Exercise aim
Nothing but an exact copy is wanted: the line with "this 1600×1067 image." and each line after it in the data below, last line included.

Material shown
════════════════

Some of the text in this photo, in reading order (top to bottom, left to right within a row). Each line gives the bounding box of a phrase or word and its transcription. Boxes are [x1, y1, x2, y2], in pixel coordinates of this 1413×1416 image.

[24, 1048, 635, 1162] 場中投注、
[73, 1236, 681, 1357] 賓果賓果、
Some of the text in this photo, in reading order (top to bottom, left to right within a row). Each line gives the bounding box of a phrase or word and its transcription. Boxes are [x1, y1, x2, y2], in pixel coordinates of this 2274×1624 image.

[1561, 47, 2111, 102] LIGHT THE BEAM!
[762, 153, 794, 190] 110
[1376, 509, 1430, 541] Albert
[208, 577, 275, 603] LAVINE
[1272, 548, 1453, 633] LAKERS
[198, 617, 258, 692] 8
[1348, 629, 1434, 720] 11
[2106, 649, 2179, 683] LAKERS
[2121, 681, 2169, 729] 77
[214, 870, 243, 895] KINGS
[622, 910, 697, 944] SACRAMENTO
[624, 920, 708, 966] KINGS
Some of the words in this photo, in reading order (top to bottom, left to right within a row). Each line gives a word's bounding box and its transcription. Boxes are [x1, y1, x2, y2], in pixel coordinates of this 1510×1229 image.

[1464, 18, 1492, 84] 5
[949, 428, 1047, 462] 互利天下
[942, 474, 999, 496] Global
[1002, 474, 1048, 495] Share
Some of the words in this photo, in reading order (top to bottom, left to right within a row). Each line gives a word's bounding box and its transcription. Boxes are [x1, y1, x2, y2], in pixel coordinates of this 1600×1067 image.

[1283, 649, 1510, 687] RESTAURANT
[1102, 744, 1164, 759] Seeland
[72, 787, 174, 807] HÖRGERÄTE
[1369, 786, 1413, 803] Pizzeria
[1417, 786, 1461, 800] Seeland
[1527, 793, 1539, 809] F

════════════════

Written response
Some of the words in this photo, in reading order (top to bottom, left to right within a row). Each line gives a word's bounding box and its transcription. Boxes are [x1, y1, x2, y2], in pixel coordinates of this 1600×1067 image.

[1283, 649, 1510, 687] RESTAURANT
[1102, 744, 1164, 759] Seeland
[72, 787, 174, 807] HÖRGERÄTE
[1369, 786, 1413, 803] Pizzeria
[1417, 786, 1461, 800] Seeland
[1527, 793, 1539, 809] F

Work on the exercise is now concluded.